

Model evaluation

Model evaluation is a critical task in data science. This is one of the few measures business stakeholders are interested in. Model performance heavily influences business impact of a data science project. Therefore, it is important take some time apart in an independent task in the process model.

So how are models evaluated? In supervised machine learning this is relatively straightforward since you can always create a ground truth and compare your results against ground truth.

So, we are either splitting data into training-, test- and validation-sets to assess model performance on the test set or we use cross validation. This all is explained in the following coursera course https://www.coursera.org/learn/advanced-machine-learning-signal-processing/ Week 2.
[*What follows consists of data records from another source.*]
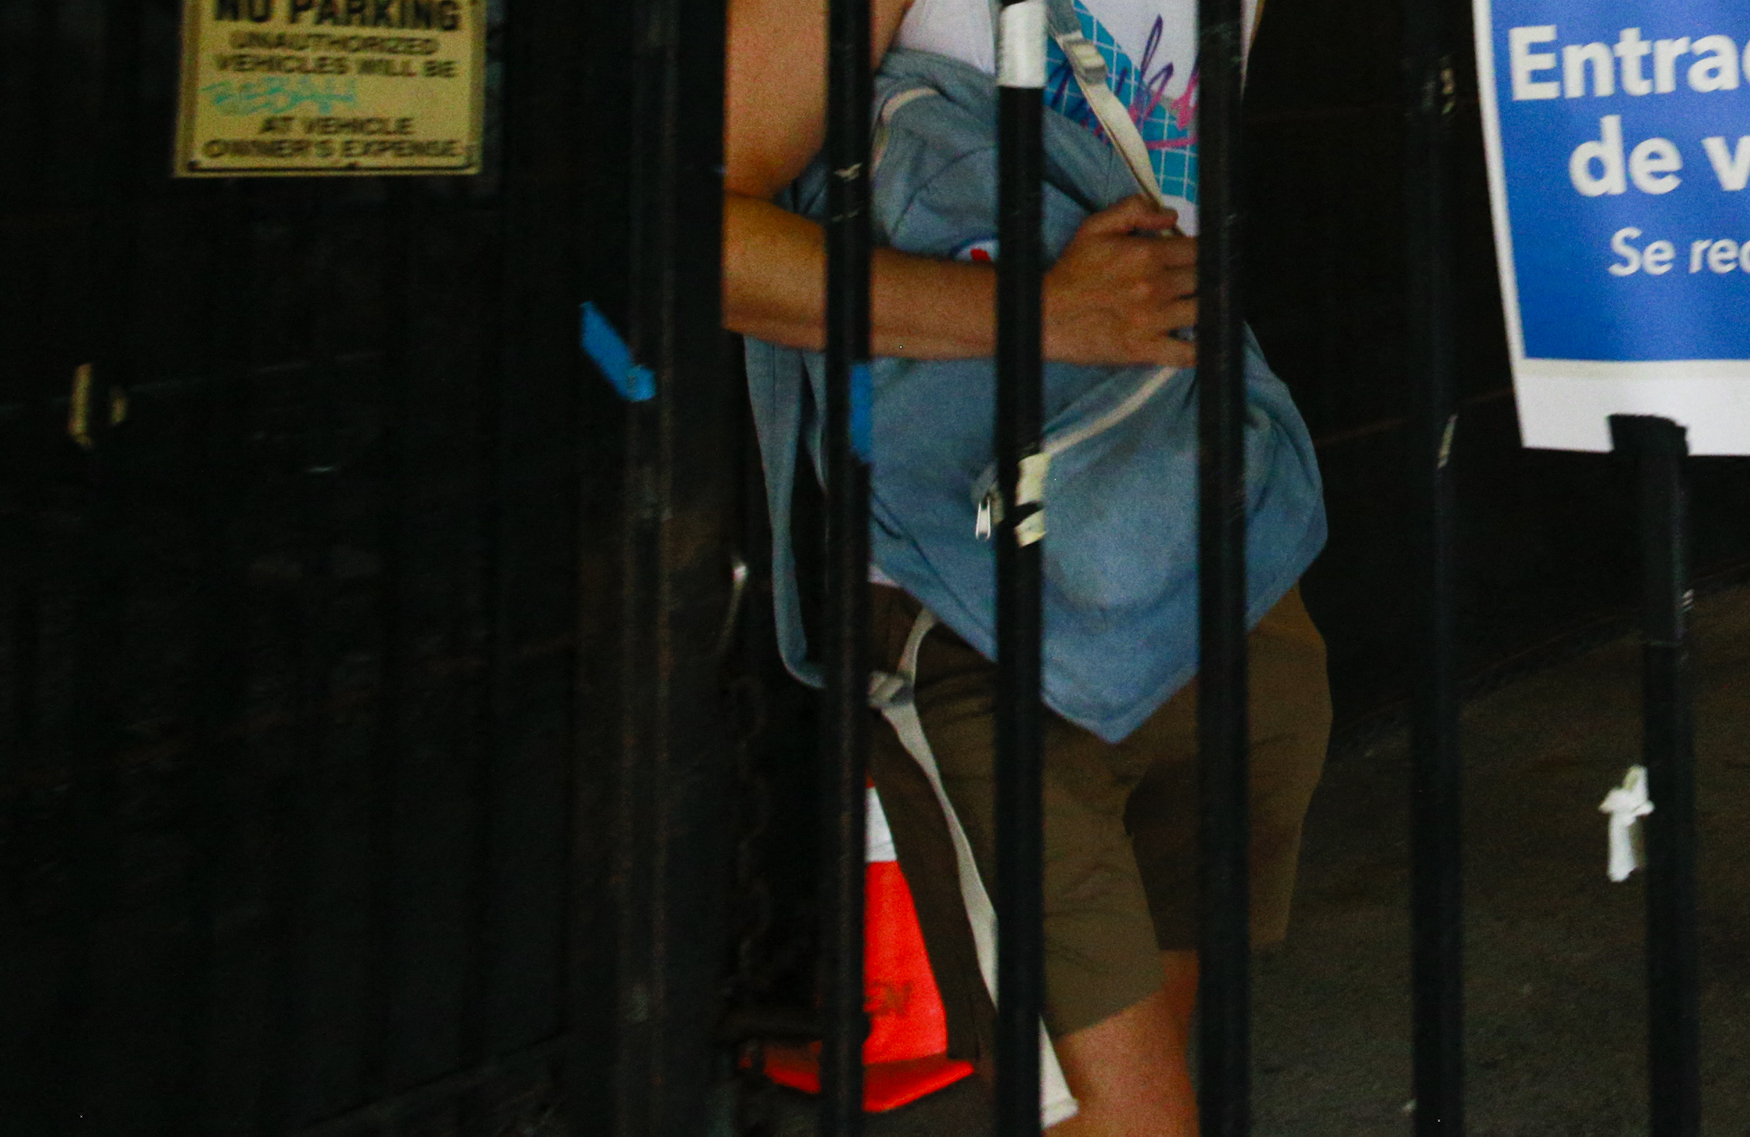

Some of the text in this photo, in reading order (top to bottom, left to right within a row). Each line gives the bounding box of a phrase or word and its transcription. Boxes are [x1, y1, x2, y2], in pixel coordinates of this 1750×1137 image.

[229, 31, 440, 55] UNAUTHORIZED
[214, 54, 456, 78] VEHICLES WILL BE
[260, 116, 414, 136] AT VEHICLE
[1569, 115, 1682, 197] de
[1609, 227, 1676, 276] Se
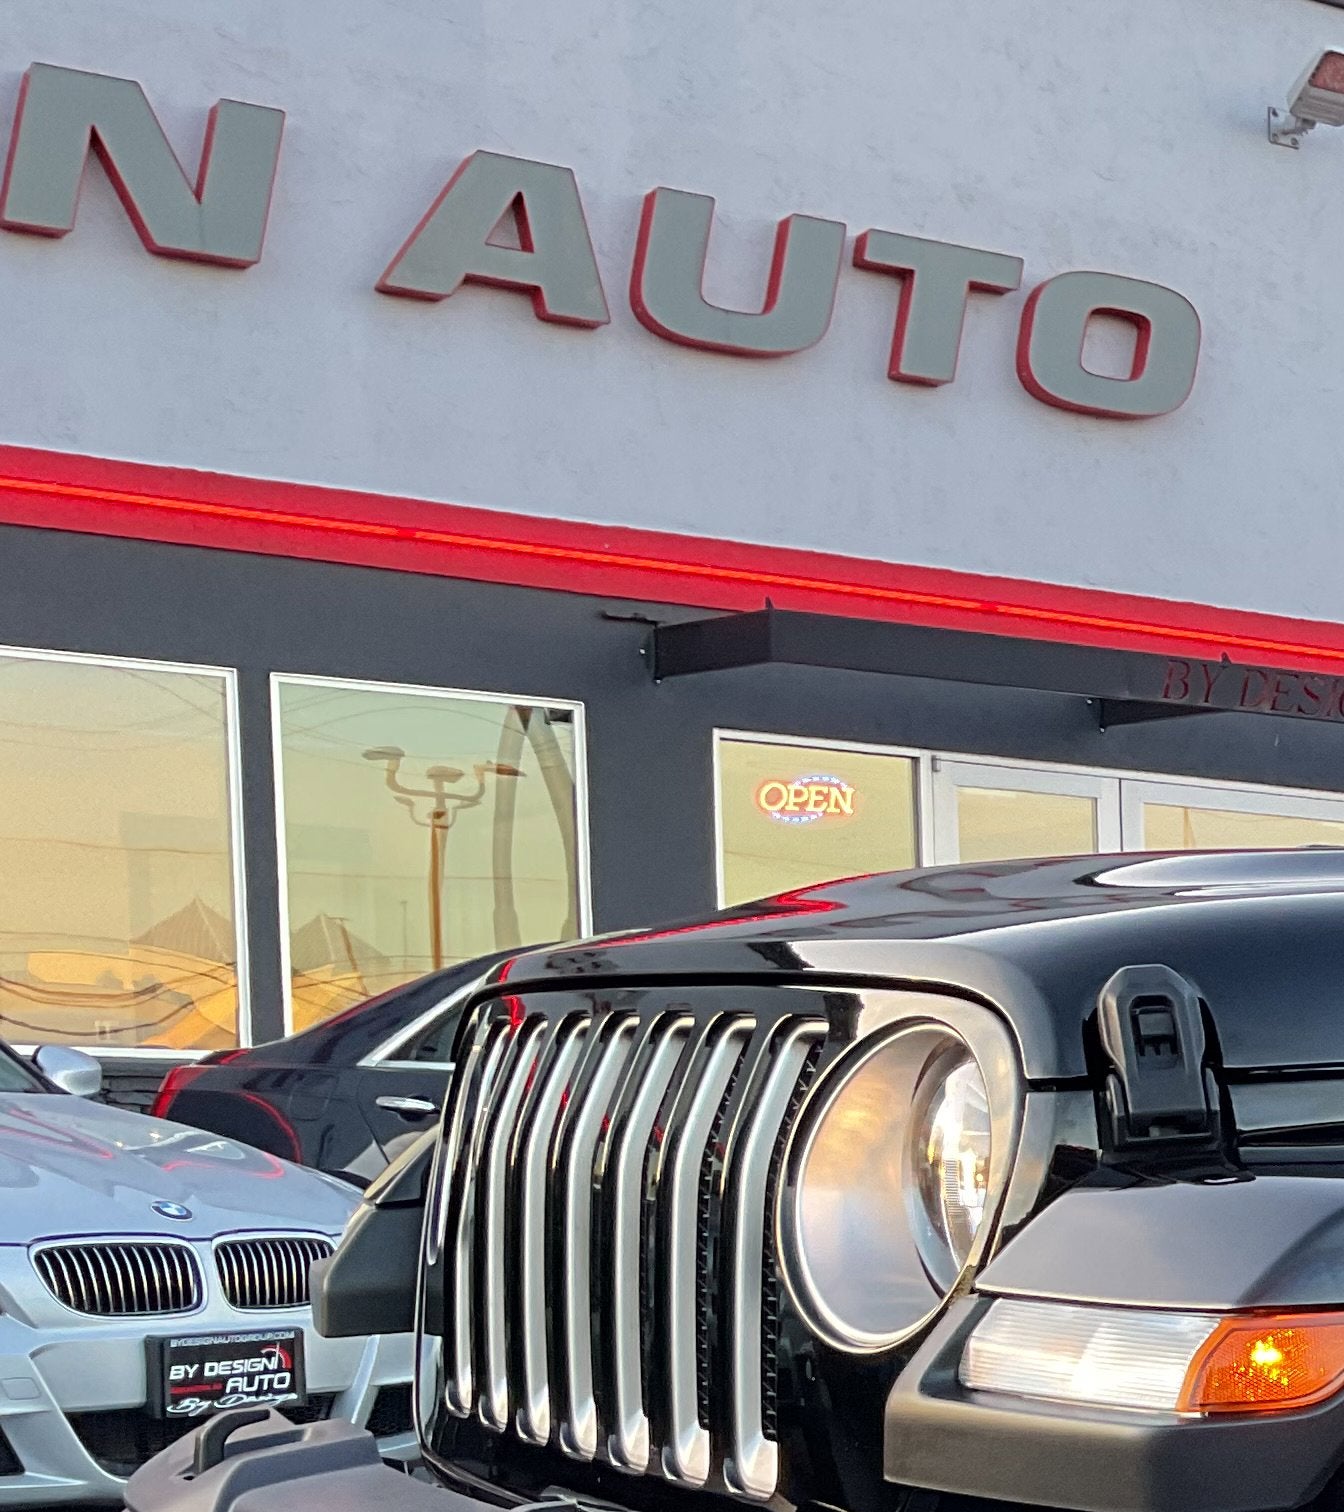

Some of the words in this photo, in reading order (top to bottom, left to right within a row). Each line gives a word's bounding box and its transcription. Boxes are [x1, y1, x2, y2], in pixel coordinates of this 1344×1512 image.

In case we know what data set we can use as ground truth in supervised learning (classification and regression) we need to define a different measure for evaluation than in unsupervised learning (clustering). Since it depends on the type of model we create, the following none exhaustive lists can be used as a starting point for further research:

Classification:

Confusion Matrix
Accuracy
Precision
Recall
Specificity
True positive rate
True negative rate
False positive rate
False negative rate
F1-score
Gain and Lift
Kolomogorov Smirnov
Area Under ROC
Gini Coefficient
Concordant – Discordant ratio

Regression:

Root Mean Squared Error (RMSE)
Mean Squared Error
Mean Absolute Error (MAE)
R-Squared
Relative Squared Error
Relative Absolute Error
Sum of Differences
ACF plot of residuals
Histogram of residuals
Residual plots against predictors
Residual plots against fitted values

Clustering:

Adjusted Rand index
Mutual Information
Homogeneity completeness
V-measure
Fowlkes-Mallows
Silhouette Coefficient Calinski-Harabaz¶

References: http://scikit-learn.org/stable/modules/clustering.html#clustering-performance-evaluation

Please choose at least one appropriate model performance measure, justify why you’ve used it and document how iterative changes in the feature creation task influence it.